> [REQUIRED WORK] Once the pictures are set aside, transcribe each line of the data exactly.

> [DATA SHOWN]
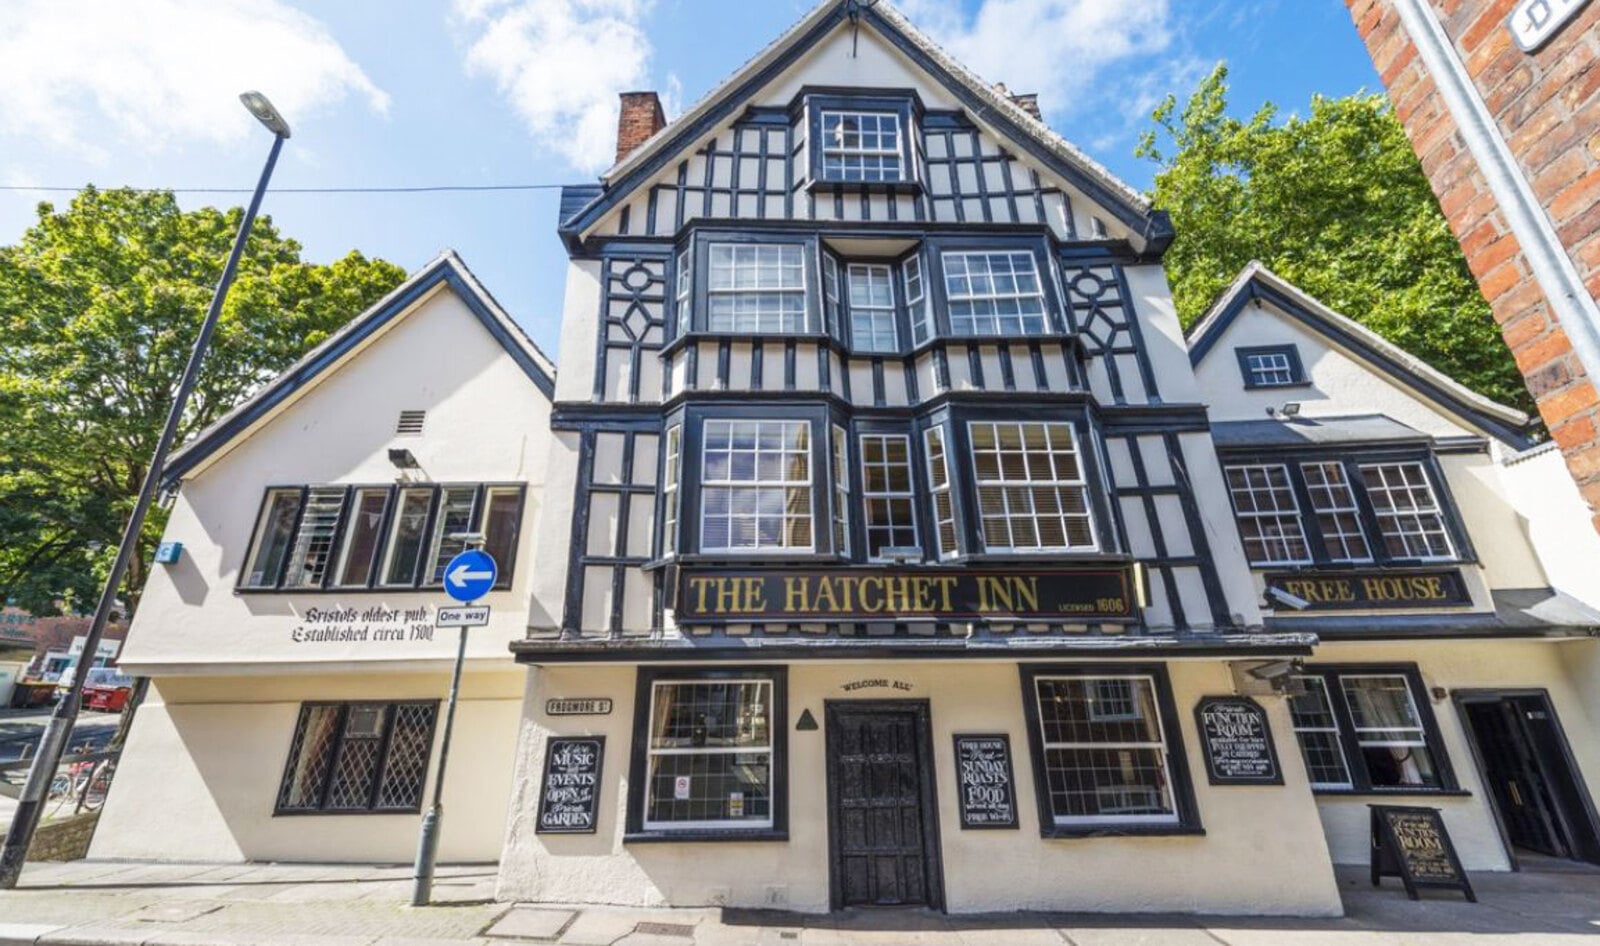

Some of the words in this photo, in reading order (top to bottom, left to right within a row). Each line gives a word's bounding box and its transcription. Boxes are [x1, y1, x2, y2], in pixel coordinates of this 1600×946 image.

[690, 577, 767, 613] THE
[784, 576, 957, 612] HATCHET
[976, 576, 1039, 612] INN
[1286, 580, 1354, 601] FREE
[1362, 577, 1446, 599] HOUSE
[1097, 598, 1124, 612] 1606
[361, 606, 399, 622] oldest
[440, 611, 461, 621] One
[465, 608, 486, 620] way
[291, 626, 369, 642] Established
[373, 629, 404, 641] circa
[1203, 712, 1260, 725] FUNCTION
[1215, 722, 1254, 737] ROOM
[552, 753, 595, 765] MUSIC
[962, 760, 1006, 773] SUNDAY
[548, 773, 596, 785] EVENTS
[963, 772, 1008, 785] ROASTS
[968, 786, 1005, 804] FOOD
[543, 812, 592, 826] GARDEN

> [SOLUTION]
Some of the words in this photo, in reading order (top to bottom, left to right within a row). Each line gives a word's bounding box and its transcription. Boxes are [x1, y1, x2, y2], in pixel coordinates of this 1600×946 image.

[690, 577, 767, 613] THE
[784, 576, 957, 612] HATCHET
[976, 576, 1039, 612] INN
[1286, 580, 1354, 601] FREE
[1362, 577, 1446, 599] HOUSE
[1097, 598, 1124, 612] 1606
[361, 606, 399, 622] oldest
[440, 611, 461, 621] One
[465, 608, 486, 620] way
[291, 626, 369, 642] Established
[373, 629, 404, 641] circa
[1203, 712, 1260, 725] FUNCTION
[1215, 722, 1254, 737] ROOM
[552, 753, 595, 765] MUSIC
[962, 760, 1006, 773] SUNDAY
[548, 773, 596, 785] EVENTS
[963, 772, 1008, 785] ROASTS
[968, 786, 1005, 804] FOOD
[543, 812, 592, 826] GARDEN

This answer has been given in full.